Henry Hathaway later said he hated Glen Campbell's performance, which he described as wooden, and claimed the singer was only cast so he could have a hit with the theme song which would help promote the film.
Despite its commercial success, John Wayne was not pleased with the finished film. He greatly disliked Kim Darby's performance, and while promoting the film for its U.S. release in June 1969 told interviewers that he had starred in much better films, citing Stagecoach (1939) as an example. At the Oscar ceremony on April 9, 1970, Wayne personally told Richard Burton that he felt he should have won the Oscar instead, for his portrayal of King Henry VIII in Anne of the Thousand Days (1969).
Stunt double Jim Burk performed the entire scene where Rooster Cogburn charged Ned Pepper's gang on horseback. John Wayne was only seen briefly in close-up, and he was riding on a trailer, not a horse.
While most of the characters in the film are purely fictional, there is one character who is based on a real person. Judge Parker is based on the actual Judge Isaac Parker of the Western District, who held court in Fort Smith, Arkansas, during the period of the movie, and was known as a "hanging judge".
The character of Rooster Cogburn was supposed to be around forty. John Wayne was sixty-one when the film was made. Jeff Bridges was also sixty-one when he portrayed Rooster Cogburn in True Grit (2010).

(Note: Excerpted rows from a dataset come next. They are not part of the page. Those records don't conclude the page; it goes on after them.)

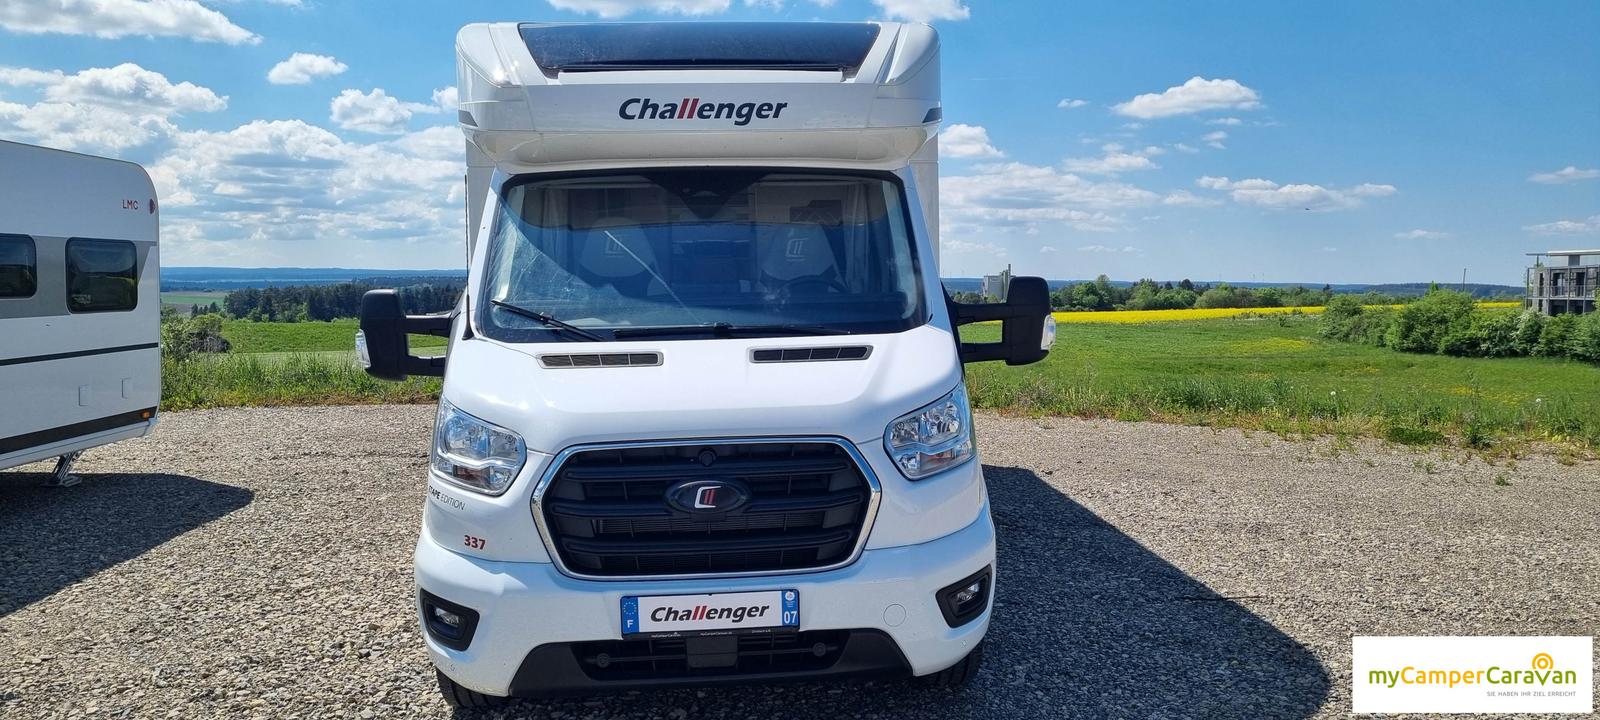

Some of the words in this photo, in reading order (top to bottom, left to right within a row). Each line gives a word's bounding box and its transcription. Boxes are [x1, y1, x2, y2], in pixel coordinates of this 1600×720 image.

[618, 98, 788, 126] Challenger
[122, 199, 139, 210] LMC
[441, 493, 466, 511] EDITION
[464, 534, 486, 550] 337
[650, 604, 770, 624] Challenger
[783, 610, 798, 624] 07
[627, 619, 634, 629] F
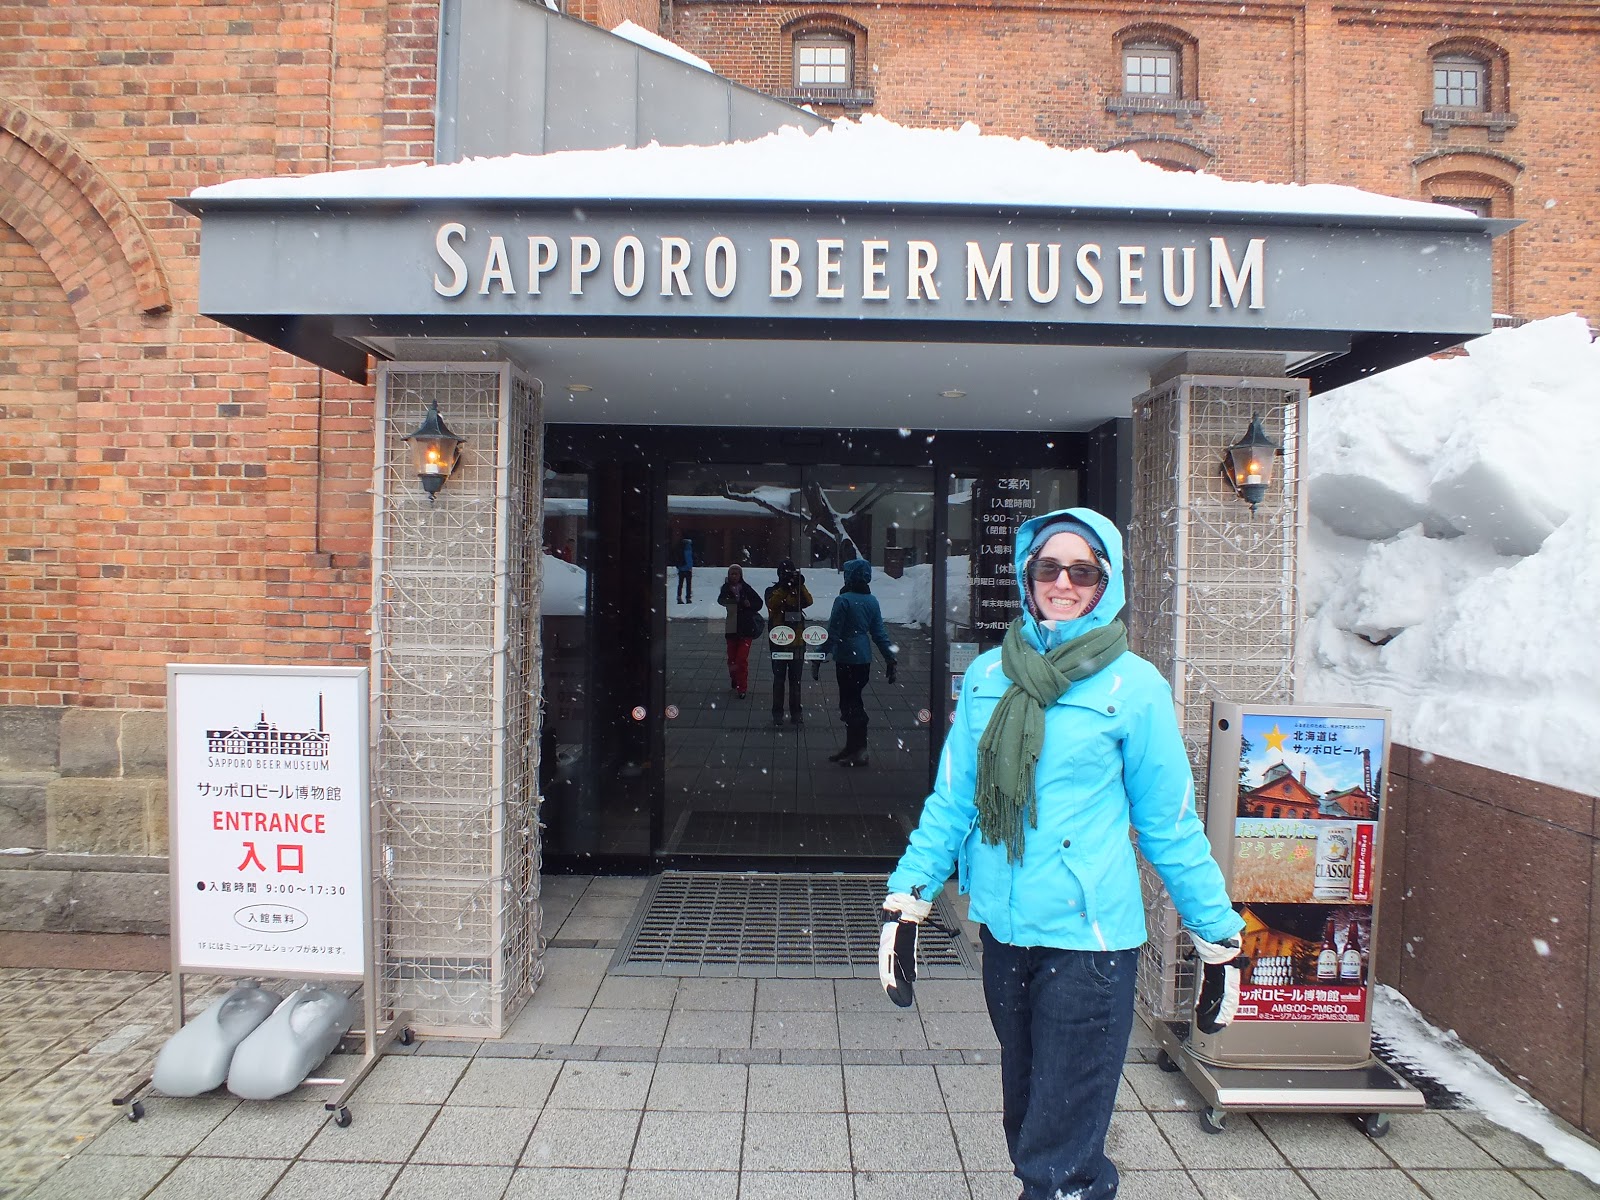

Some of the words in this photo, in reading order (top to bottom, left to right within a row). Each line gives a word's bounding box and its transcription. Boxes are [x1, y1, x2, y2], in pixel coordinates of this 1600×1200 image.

[433, 222, 738, 299] SAPPORO
[769, 237, 940, 302] BEER
[965, 237, 1266, 310] MUSEUM
[998, 478, 1030, 490] ご案内
[1293, 730, 1338, 742] 北海道は
[1292, 744, 1363, 756] サッポロビール
[208, 756, 252, 769] SAPPORO
[256, 759, 281, 770] BEER
[284, 759, 330, 771] MUSEUM
[197, 782, 342, 801] サッポロビール博物館
[213, 810, 326, 834] ENTRANCE
[1238, 822, 1318, 839] おみやげに
[237, 841, 304, 874] 入口
[1238, 840, 1286, 860] どうぞ
[1315, 863, 1352, 878] CLASSIC
[209, 881, 257, 894] 入館時間
[248, 913, 295, 924] 入館無料
[1239, 988, 1340, 1002] ッポロビール博物館

Elvis Presley was considered for the role of La Boeuf, the Texas Ranger. However, "Colonel" Tom Parker, his manager, insisted that Presley should receive top billing. The part was given to Glen Campbell instead.

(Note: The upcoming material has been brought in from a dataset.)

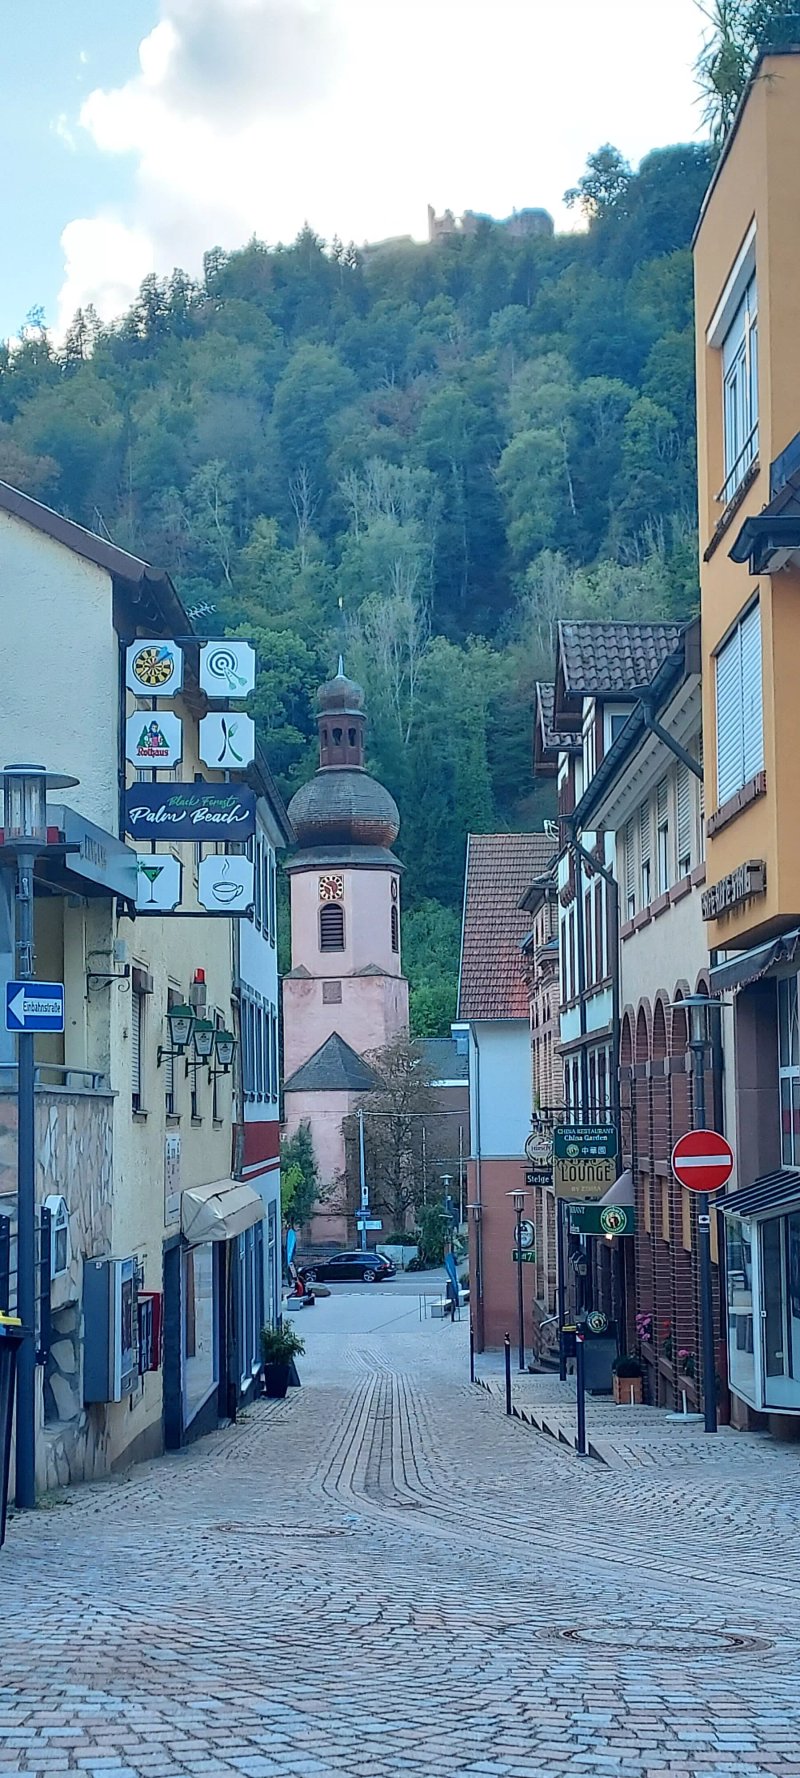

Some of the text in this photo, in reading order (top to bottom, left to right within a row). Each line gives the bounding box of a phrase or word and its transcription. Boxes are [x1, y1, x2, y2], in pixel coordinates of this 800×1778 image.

[167, 795, 239, 809] Black Forest
[129, 804, 249, 824] Palm Beach
[23, 1001, 61, 1013] Einbahnstraße
[561, 1165, 612, 1182] LOUNGE

Mia Farrow, among other well-known actresses, was approached to play Mattie, but she turned it down. Robert Mitchum, with whom she had just done a film, had told her that Henry Hathaway was cantankerous and impossible to work with. She lobbied to get Hathaway replaced by Roman Polanski, who had recently worked with her successfully in Rosemary's Baby (1968), but to no avail. She later said it was one of the biggest professional mistakes of her career.
Marguerite Roberts was a formerly blacklisted writer due to her left-wing politics. John Wayne, who had extremely right-wing politics, knew this before he read the script. He read it and liked it. He ignored people who said he shouldn't work on anything that a "blacklisted" writer wrote. According to Scott Eyman's biography of Wayne, Roberts was not herself blacklisted, but was married to the blacklisted John Sanford. Wayne wrote to her in 1969 calling her screenplay "magnificent" and hoping she might write another such screenplay with him in mind.
Rooster Cogburn wields a Winchester 1892 rifle with a looped lever and a Colt 1873 SAA revolver. Le Boeuf carries a Sharps single-shot rifle. Mattie uses a Colt Walker 1847 revolver. Chaney uses a Henry rifle.
While John Wayne and Henry Hathaway didn't think much of Kim Darby's acting abilities, she had nothing but praise for Wayne: "He was wonderful to work with." However, she told Producer Hal B. Wallis that she never wanted to work with Hathaway again.
John Wayne's Best Actor Oscar win was widely seen as a sentimental choice, more in recognition of his forty-year career. His performance in this movie was dismissed by many critics as over-the-top, and hammy.
In 1968, John Wayne was a judge on "Your All-American College Show", a syndicated talent show for young college students. Singer Karen Carpenter, along with her brother Richard Carpenter, who had not yet struck gold as the recording duo "The Carpenters", were competing on the show that week as "The Dick Carpenter Trio". Wayne was so impressed with Karen's effervescent personality, that he wanted her for the role of Mattie. However, according to Carpenter's family, the film's producers wanted to go with a name actress, and not a singer who, at the time, was virtually unknown.
When Paramount Pictures did a made-for-television sequel to this film, True Grit: A Further Adventure (1978), Rooster (played by Warren Oates) explains that he lost his eye fighting for the South in the civil war.
The trivia item below may give away important plot points.
The scene near the end, where Rooster Cogburn (John Wayne) and Ned Pepper's gang meet in a field, and Pepper (Robert Duvall) was shot, was filmed in a clearing near the top of Owl Creek Pass outside Ridgway, Colorado. The field is off the road to the left, and is very easy to find.